Chiara De Biase, Director of Support and Influencing at Prostate Cancer UK, said: “Not only is this fantastic news for men with advanced prostate cancer, but it is also a landmark moment for prostate cancer treatment.
“This is the first targeted treatment of its kind to be approved for the disease and it finally moves us away from the old ‘one size fits all’ approach to prostate cancer treatment.

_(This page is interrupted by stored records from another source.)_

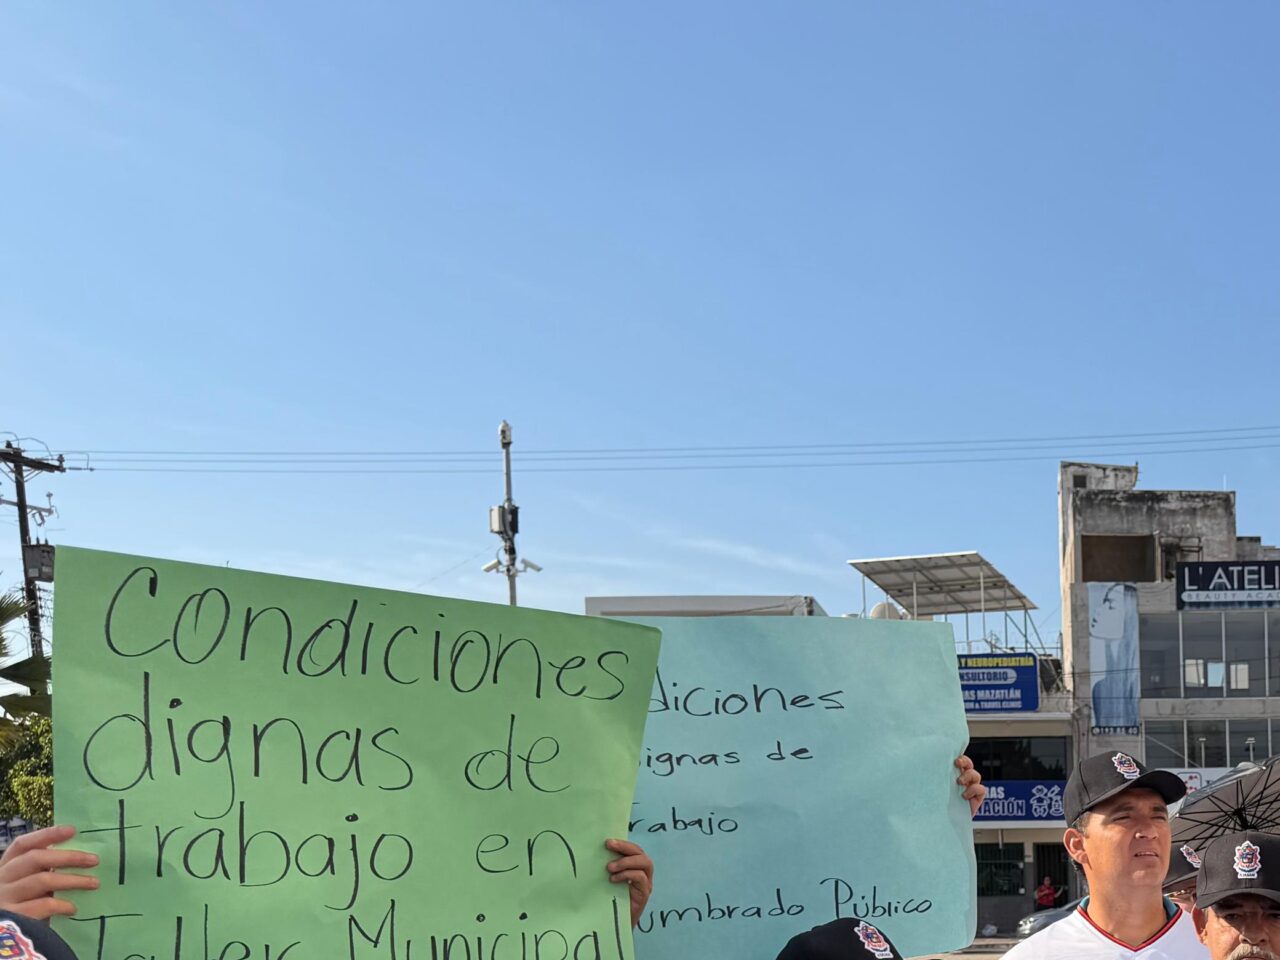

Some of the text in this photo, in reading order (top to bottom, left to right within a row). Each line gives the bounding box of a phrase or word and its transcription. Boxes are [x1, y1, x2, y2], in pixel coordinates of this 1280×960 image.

[1187, 591, 1236, 600] BEAUTY
[105, 566, 629, 700] Condiciones
[83, 672, 572, 819] dignas de
[639, 740, 814, 777] ignas de
[628, 802, 739, 836] rabajo
[475, 829, 577, 880] en
[819, 877, 933, 919] Público

We’re proud of the role we played in developing this exciting drug, which stands to extend the lives of hundreds of men each year”.
Health Minister Helen Whately said: “For hundreds of people with cancer and their families, today offers the hope of more precious time with loved ones.
“We are committed to providing world-class cancer care to patients and are always working together with clinicians to find new, cutting-edge treatments.
“Cutting waiting lists is one of the Prime Minister’s five priorities and we are driving forward progress with new one-stop shops that offer a range of checks, tests and scans closer to home, meaning patients are receiving the cancer treatment they need as soon as possible.”
David Brocklehurst, Head of Oncology, AstraZeneca UK, said: “We know how devastating a diagnosis of either of these hard-to-treat, aggressive cancers can be, for patients and their loved ones. Until now, treatment options for cancers resulting from BRCA mutations have been extremely limited.
“The availability of olaparib, a treatment discovered and developed in the UK, makes us extremely proud. Treatment innovations such as these underscore our bold long-term ambition to eliminate cancer as a cause of death”.